# What is expected:
Please set down only the lines that run from the one containing "Some of the words" to the end of the listing below, exactly as written.
********************
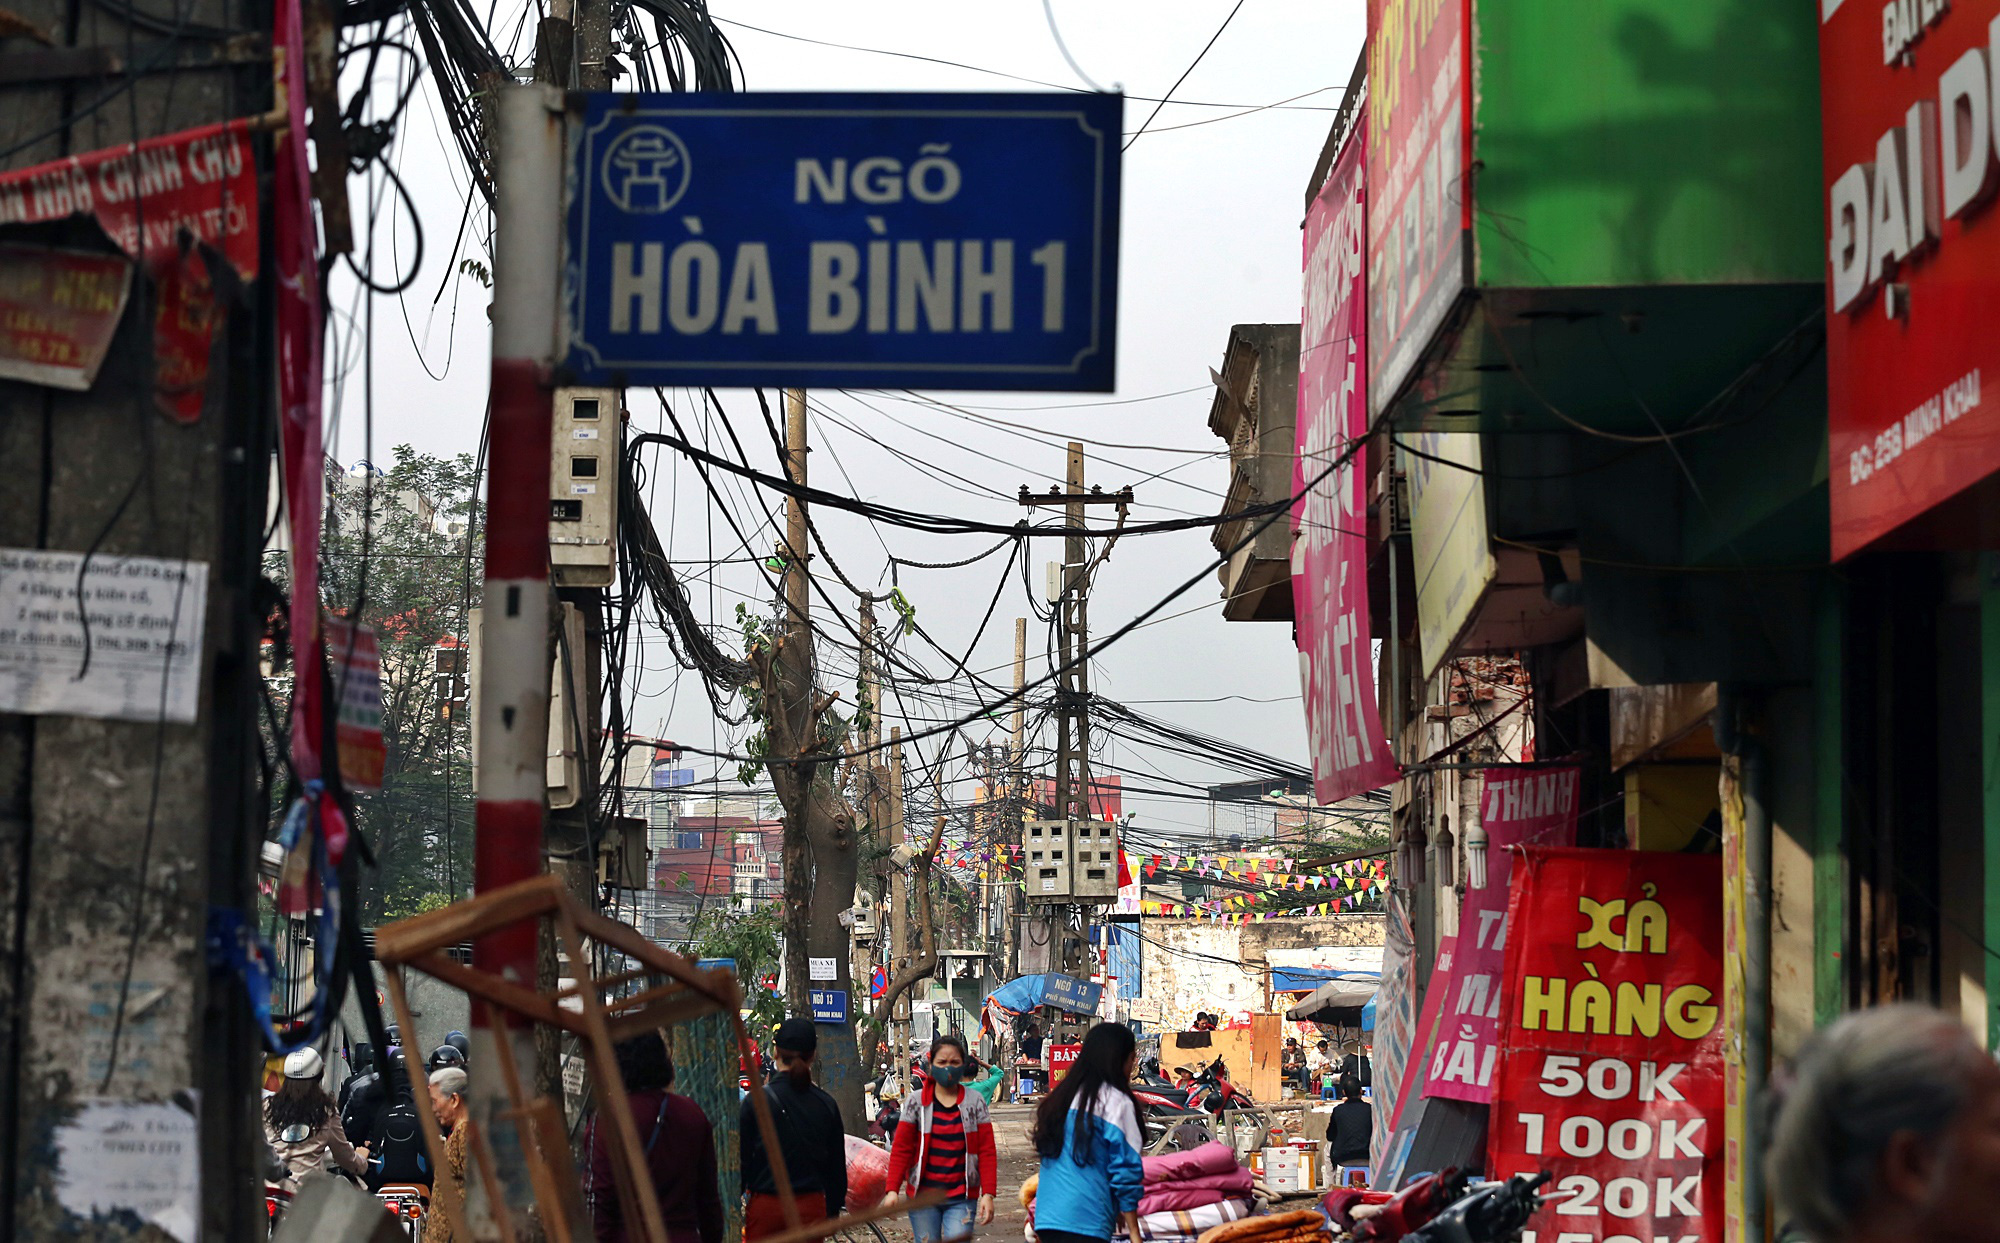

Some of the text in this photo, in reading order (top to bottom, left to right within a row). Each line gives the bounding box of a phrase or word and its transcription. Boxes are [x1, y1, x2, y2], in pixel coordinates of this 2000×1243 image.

[794, 143, 962, 204] NGÕ
[609, 216, 1067, 335] HÒA BÌNH 1
[1904, 394, 1942, 450] MINH
[1943, 367, 1981, 425] KHAI
[1485, 770, 1575, 822] THANH
[1575, 882, 1669, 955] XẢ
[826, 994, 833, 1005] 13
[1045, 991, 1092, 1011] PHỐ MINH KHAI
[1054, 978, 1088, 997] NGÕ 13
[1521, 962, 1720, 1040] HÀNG
[831, 1011, 843, 1019] KHAI
[1053, 1047, 1080, 1062] BÁN
[1538, 1055, 1688, 1102] 50K
[1518, 1113, 1708, 1160] 100K
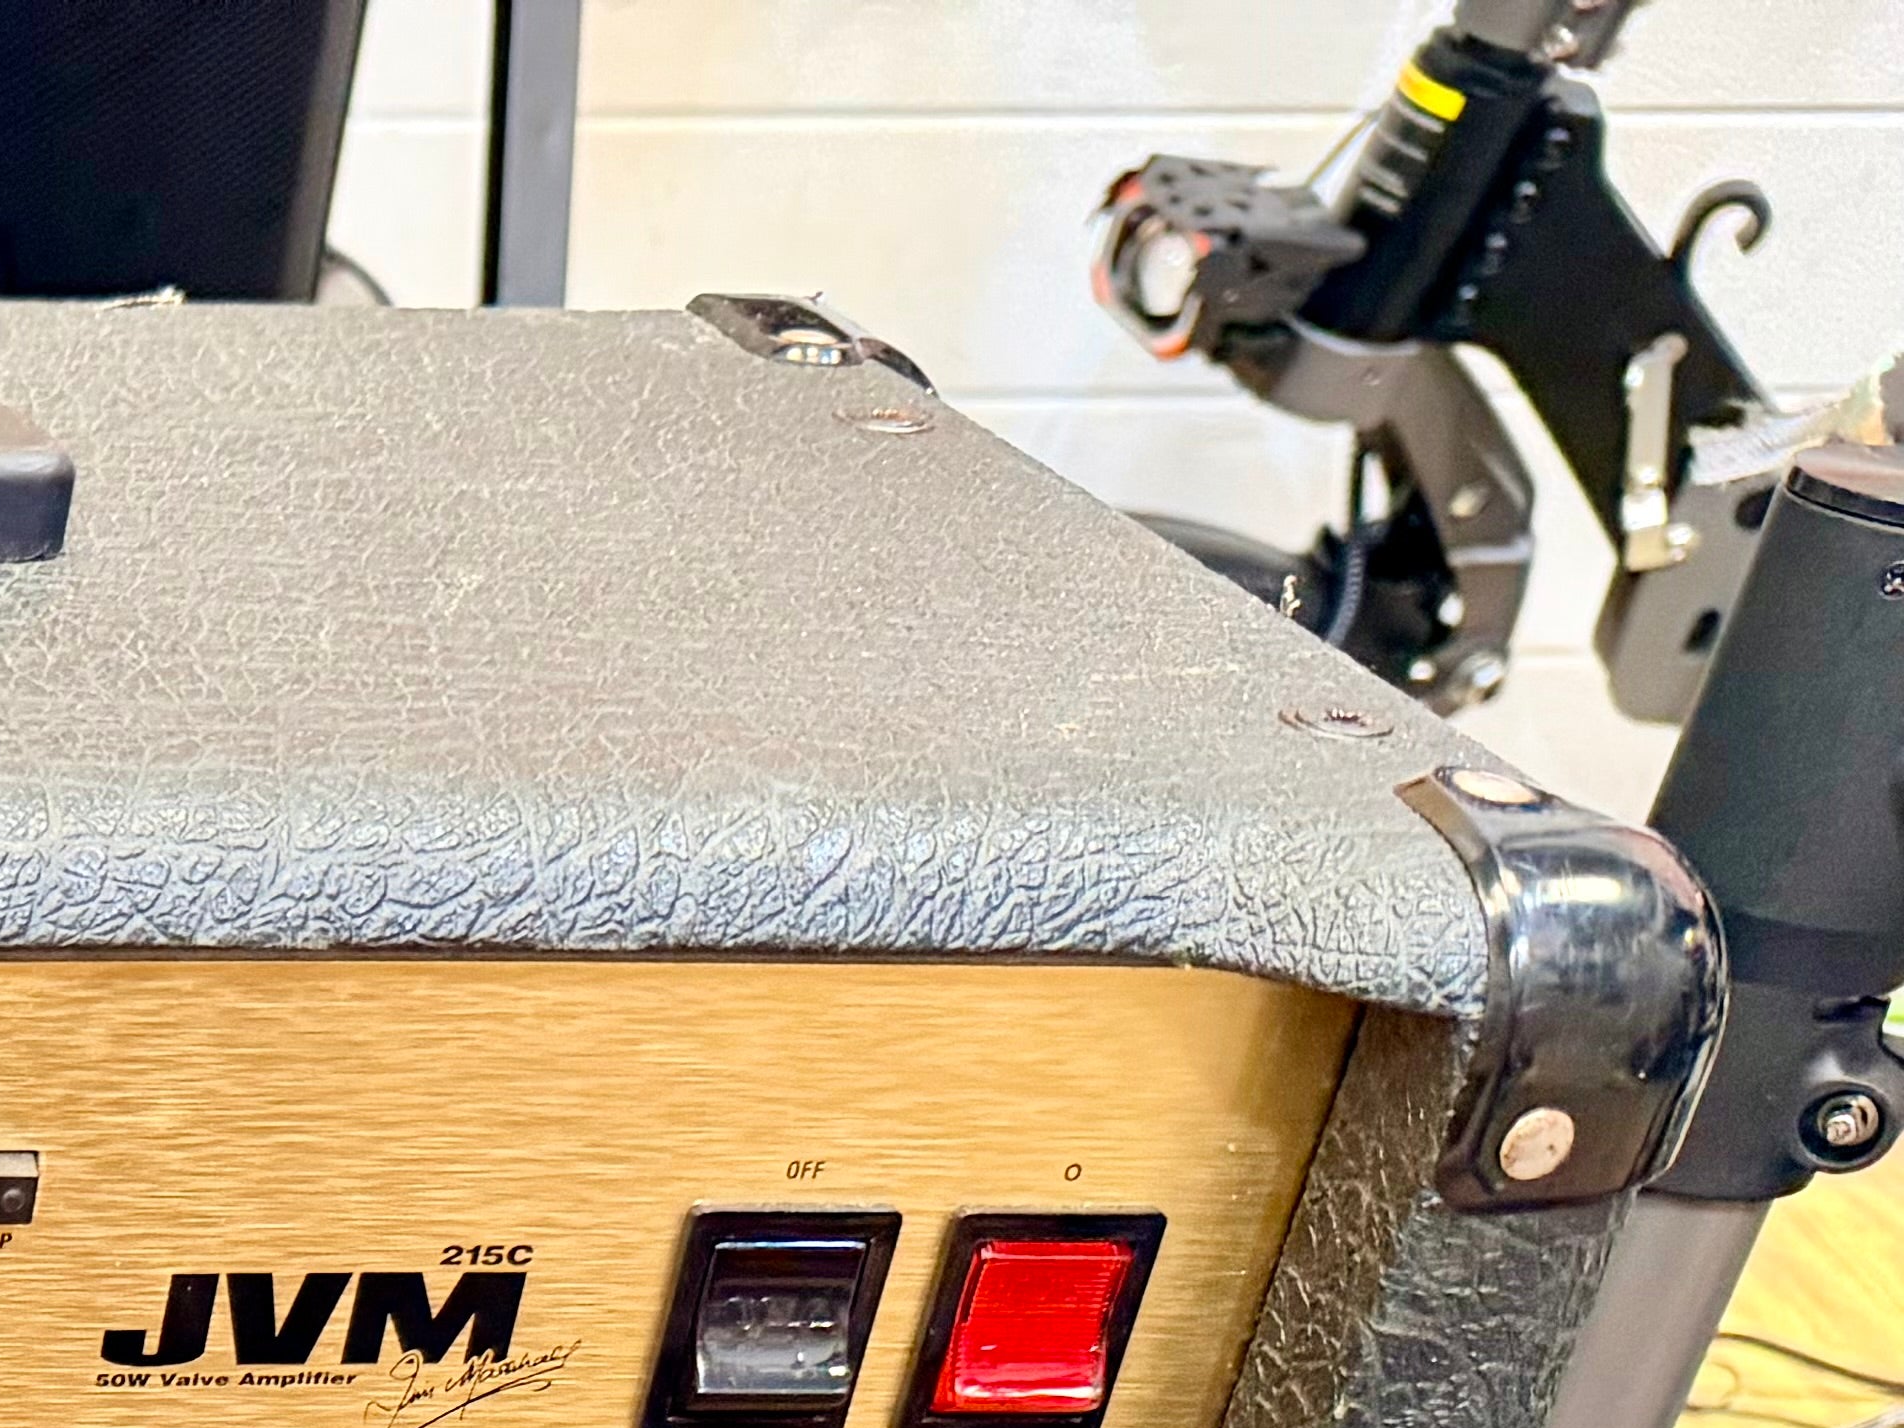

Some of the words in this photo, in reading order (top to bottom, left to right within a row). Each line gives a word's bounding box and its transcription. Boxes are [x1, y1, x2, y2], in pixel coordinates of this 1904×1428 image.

[786, 1161, 826, 1180] OFF
[440, 1245, 534, 1265] 215C
[100, 1271, 528, 1367] JVM
[95, 1373, 151, 1388] 50W
[159, 1372, 229, 1388] Valve
[237, 1372, 359, 1389] Amplifier
********************
# Solution to this task:
Some of the words in this photo, in reading order (top to bottom, left to right within a row). Each line gives a word's bounding box and its transcription. Boxes are [x1, y1, x2, y2], in pixel coordinates of this 1904×1428 image.

[786, 1161, 826, 1180] OFF
[440, 1245, 534, 1265] 215C
[100, 1271, 528, 1367] JVM
[95, 1373, 151, 1388] 50W
[159, 1372, 229, 1388] Valve
[237, 1372, 359, 1389] Amplifier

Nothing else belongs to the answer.